# Task directions
Transcribe the records below in their entirety, and leave out each image.

+++ Dataset entries +++

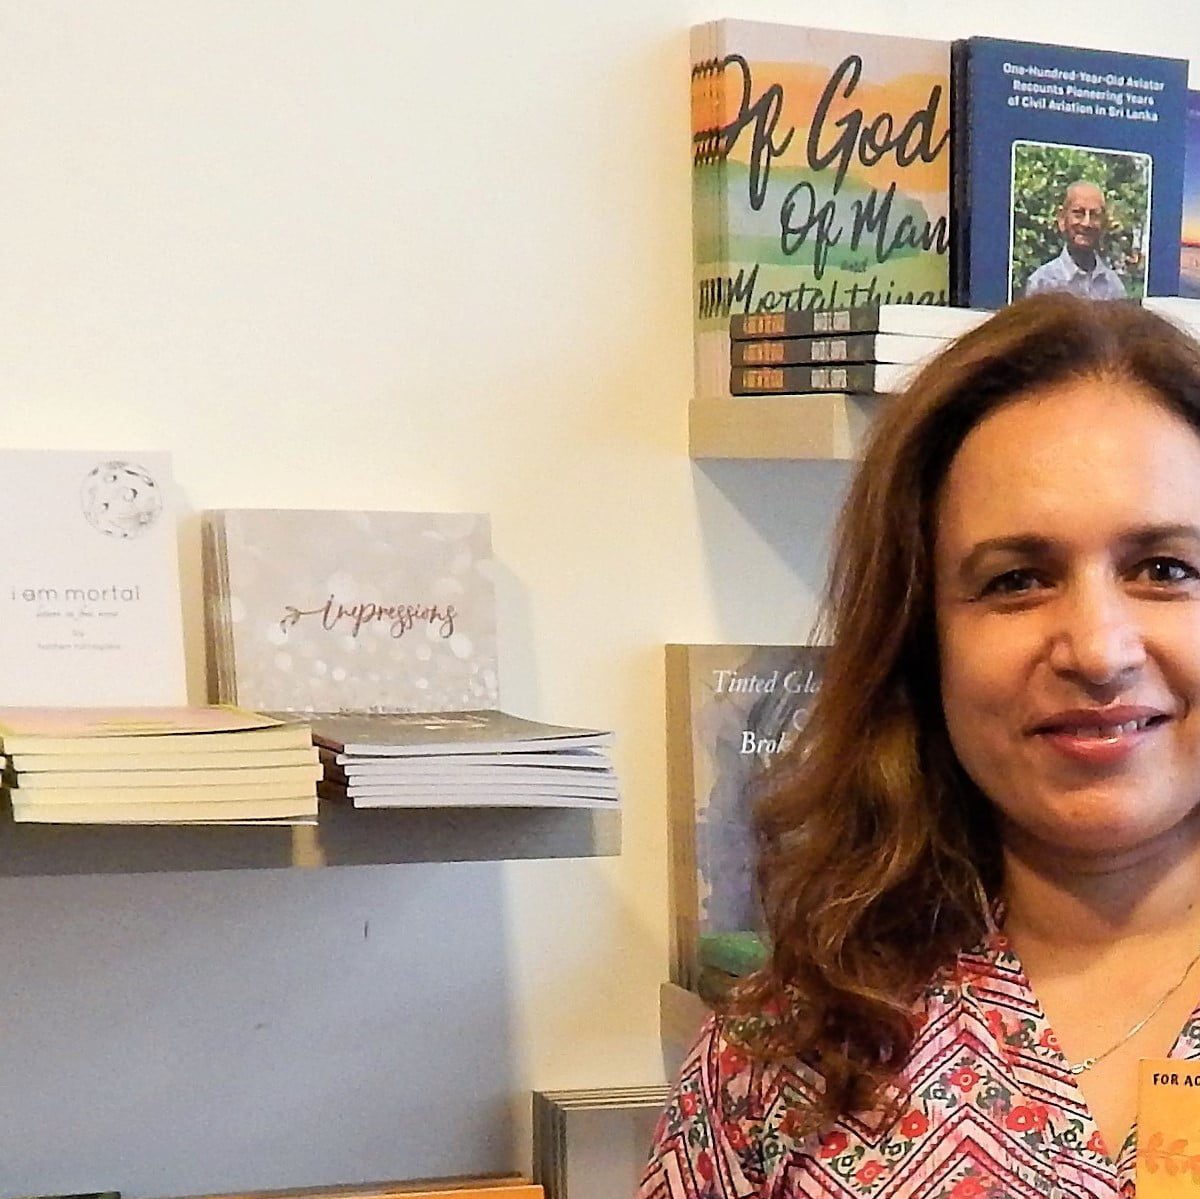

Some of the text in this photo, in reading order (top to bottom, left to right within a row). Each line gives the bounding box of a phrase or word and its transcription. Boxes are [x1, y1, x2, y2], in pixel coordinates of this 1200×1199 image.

[1013, 80, 1155, 106] Recounts Pioneering Years
[1021, 96, 1046, 109] Civil
[1048, 99, 1093, 115] Aviation
[1095, 105, 1106, 116] in
[1108, 106, 1124, 118] Sri
[1126, 108, 1159, 122] Lanka
[808, 55, 950, 194] God
[780, 181, 949, 280] Of Man
[23, 588, 58, 601] am
[65, 585, 140, 601] mortal
[712, 669, 779, 693] Tinted
[1153, 1073, 1179, 1086] FOR
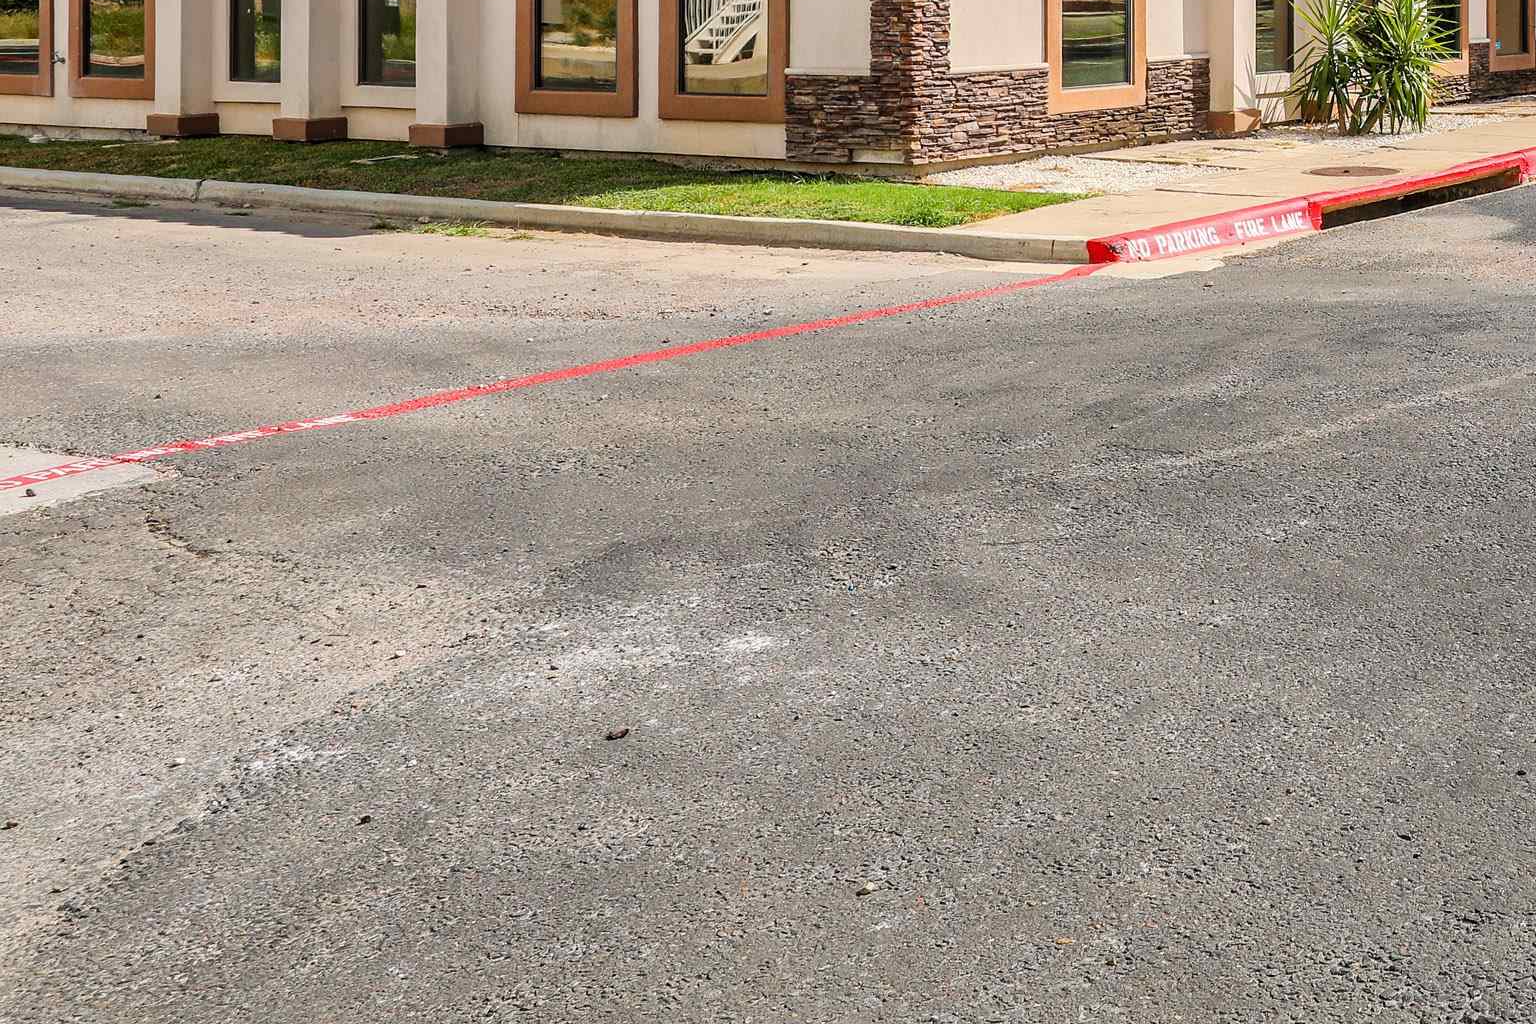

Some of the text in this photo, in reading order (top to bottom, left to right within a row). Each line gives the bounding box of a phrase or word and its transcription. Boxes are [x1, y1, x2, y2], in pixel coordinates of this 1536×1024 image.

[1127, 211, 1308, 257] NO PARKING FIRE LANE

+++

# Answer below
Some of the text in this photo, in reading order (top to bottom, left to right within a row). Each line gives the bounding box of a phrase or word and its transcription. Boxes are [x1, y1, x2, y2], in pixel coordinates of this 1200×1199 image.

[1013, 80, 1155, 106] Recounts Pioneering Years
[1021, 96, 1046, 109] Civil
[1048, 99, 1093, 115] Aviation
[1095, 105, 1106, 116] in
[1108, 106, 1124, 118] Sri
[1126, 108, 1159, 122] Lanka
[808, 55, 950, 194] God
[780, 181, 949, 280] Of Man
[23, 588, 58, 601] am
[65, 585, 140, 601] mortal
[712, 669, 779, 693] Tinted
[1153, 1073, 1179, 1086] FOR

Some of the text in this photo, in reading order (top to bottom, left to right within a row). Each line gives the bounding box of a phrase or word and its transcription. Boxes are [x1, y1, x2, y2], in pixel coordinates of this 1536×1024 image.

[1127, 211, 1308, 257] NO PARKING FIRE LANE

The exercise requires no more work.